*Problem*. Without skipping any entry, transcribe the data word for word.

[Dataset]

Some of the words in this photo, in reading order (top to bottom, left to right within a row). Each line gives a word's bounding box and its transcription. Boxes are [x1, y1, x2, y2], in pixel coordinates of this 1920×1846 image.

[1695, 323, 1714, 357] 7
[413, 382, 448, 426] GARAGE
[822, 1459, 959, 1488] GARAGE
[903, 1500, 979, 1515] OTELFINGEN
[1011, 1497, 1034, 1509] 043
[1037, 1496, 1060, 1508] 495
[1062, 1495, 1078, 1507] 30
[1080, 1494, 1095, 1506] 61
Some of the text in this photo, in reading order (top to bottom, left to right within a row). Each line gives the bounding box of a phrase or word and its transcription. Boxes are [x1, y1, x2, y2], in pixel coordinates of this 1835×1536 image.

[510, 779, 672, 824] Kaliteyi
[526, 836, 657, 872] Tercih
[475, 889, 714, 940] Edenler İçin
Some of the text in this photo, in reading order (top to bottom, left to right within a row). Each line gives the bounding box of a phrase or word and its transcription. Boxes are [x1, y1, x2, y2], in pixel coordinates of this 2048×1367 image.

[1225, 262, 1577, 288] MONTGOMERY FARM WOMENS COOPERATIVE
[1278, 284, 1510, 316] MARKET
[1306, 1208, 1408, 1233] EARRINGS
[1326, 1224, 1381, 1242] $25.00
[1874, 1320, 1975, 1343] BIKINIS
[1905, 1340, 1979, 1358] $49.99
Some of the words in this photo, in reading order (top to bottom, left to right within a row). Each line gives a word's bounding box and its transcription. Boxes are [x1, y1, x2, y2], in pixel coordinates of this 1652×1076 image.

[/Dataset]

*Answer box*.
Some of the words in this photo, in reading order (top to bottom, left to right within a row). Each line gives a word's bounding box and its transcription. Boxes are [x1, y1, x2, y2], in pixel coordinates of this 1920×1846 image.

[1695, 323, 1714, 357] 7
[413, 382, 448, 426] GARAGE
[822, 1459, 959, 1488] GARAGE
[903, 1500, 979, 1515] OTELFINGEN
[1011, 1497, 1034, 1509] 043
[1037, 1496, 1060, 1508] 495
[1062, 1495, 1078, 1507] 30
[1080, 1494, 1095, 1506] 61
Some of the text in this photo, in reading order (top to bottom, left to right within a row). Each line gives the bounding box of a phrase or word and its transcription. Boxes are [x1, y1, x2, y2], in pixel coordinates of this 1835×1536 image.

[510, 779, 672, 824] Kaliteyi
[526, 836, 657, 872] Tercih
[475, 889, 714, 940] Edenler İçin
Some of the text in this photo, in reading order (top to bottom, left to right within a row). Each line gives the bounding box of a phrase or word and its transcription. Boxes are [x1, y1, x2, y2], in pixel coordinates of this 2048×1367 image.

[1225, 262, 1577, 288] MONTGOMERY FARM WOMENS COOPERATIVE
[1278, 284, 1510, 316] MARKET
[1306, 1208, 1408, 1233] EARRINGS
[1326, 1224, 1381, 1242] $25.00
[1874, 1320, 1975, 1343] BIKINIS
[1905, 1340, 1979, 1358] $49.99
Some of the words in this photo, in reading order (top to bottom, left to right within a row). Each line gives a word's bounding box and its transcription. Boxes are [x1, y1, x2, y2], in pixel coordinates of this 1652×1076 image.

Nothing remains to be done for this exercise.